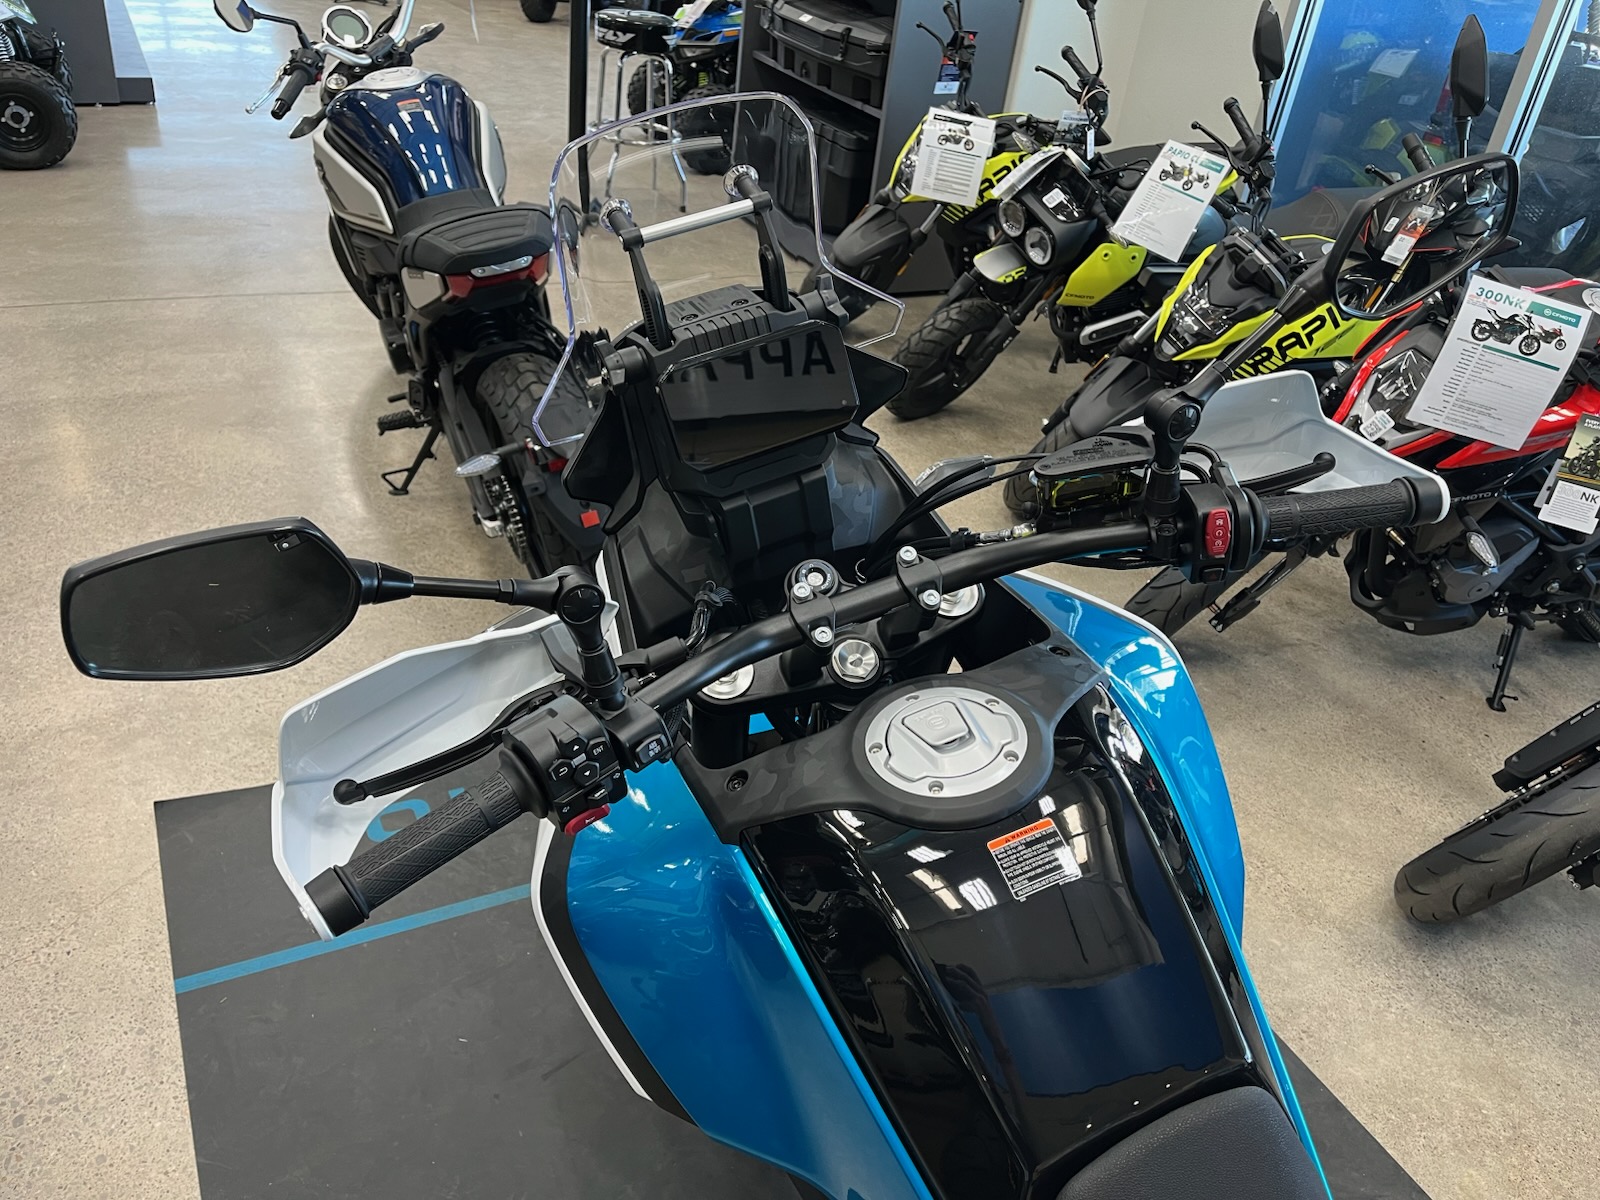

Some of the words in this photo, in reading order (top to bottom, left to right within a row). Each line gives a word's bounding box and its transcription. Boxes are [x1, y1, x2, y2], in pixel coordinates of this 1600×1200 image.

[1475, 286, 1526, 310] 300NK
[1551, 312, 1577, 323] CFMOTO
[592, 744, 604, 756] ENT
[1011, 825, 1039, 840] WARNING
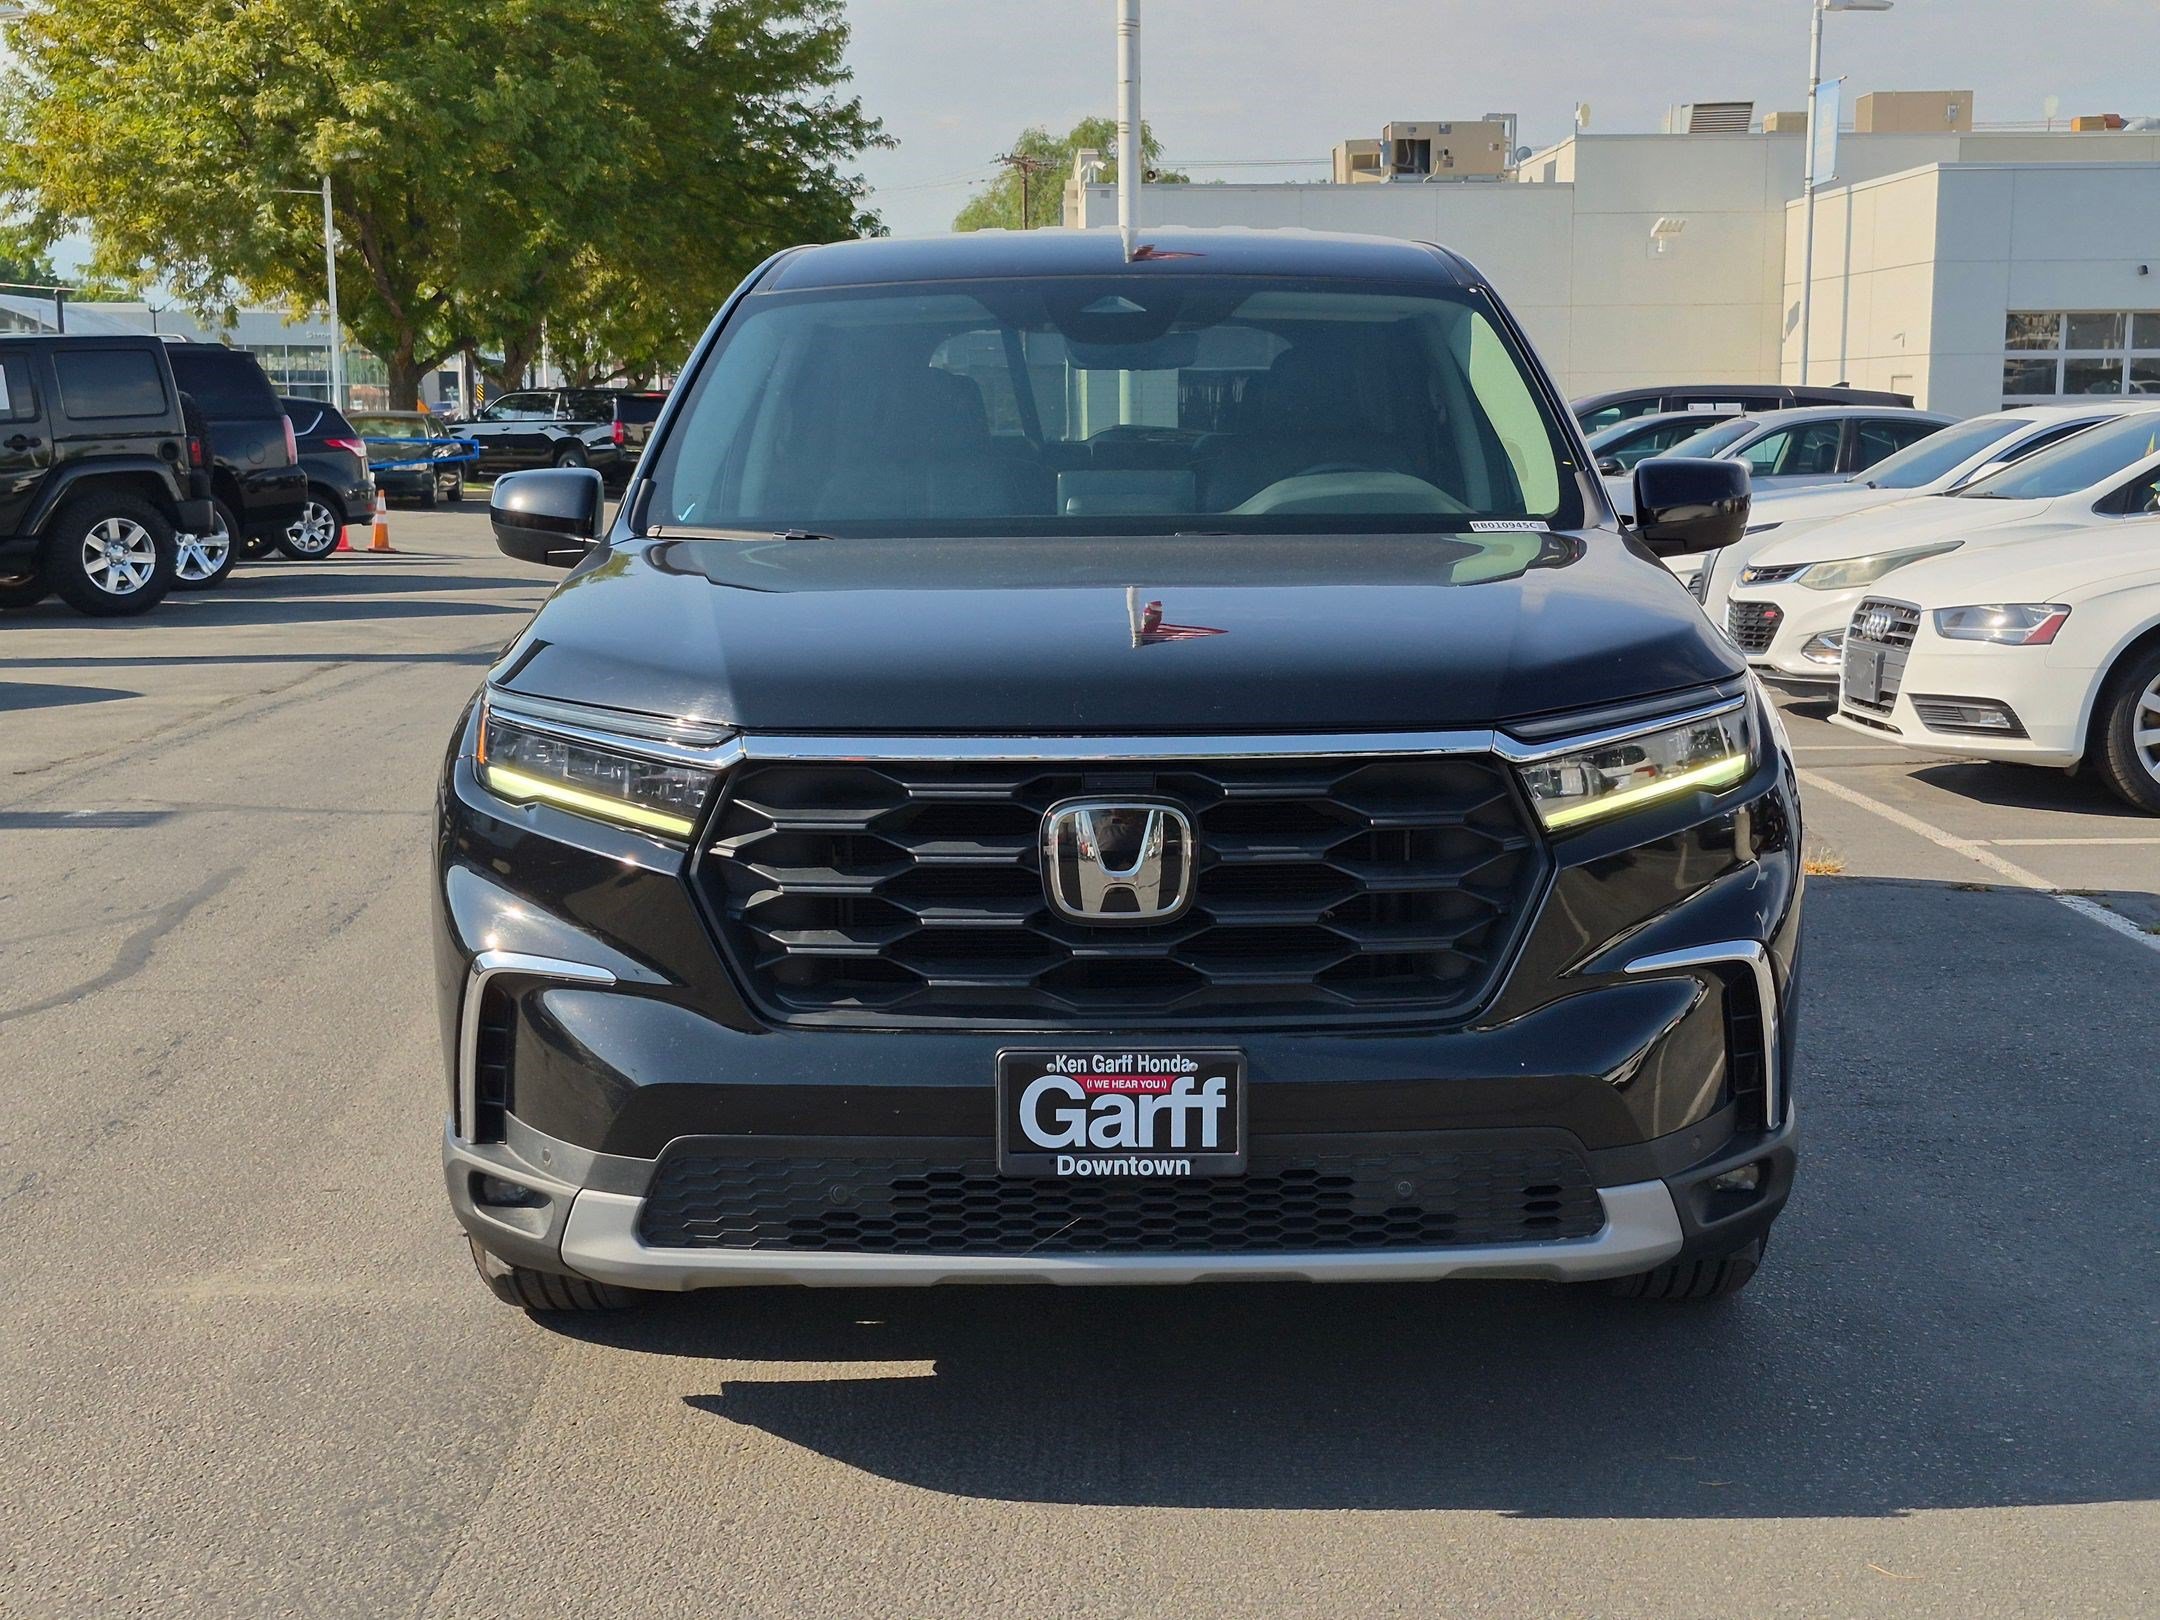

Aim of the exercise » Restate each of the entries above word for word and skip every image.

Result for this task »
Some of the words in this photo, in reading order (top to bottom, left to right within a row). Each line gives a word's bounding box and its transcription. Boxes are [x1, y1, x2, y2], in pixel coordinates of this 1600×1200 image.

[1475, 286, 1526, 310] 300NK
[1551, 312, 1577, 323] CFMOTO
[592, 744, 604, 756] ENT
[1011, 825, 1039, 840] WARNING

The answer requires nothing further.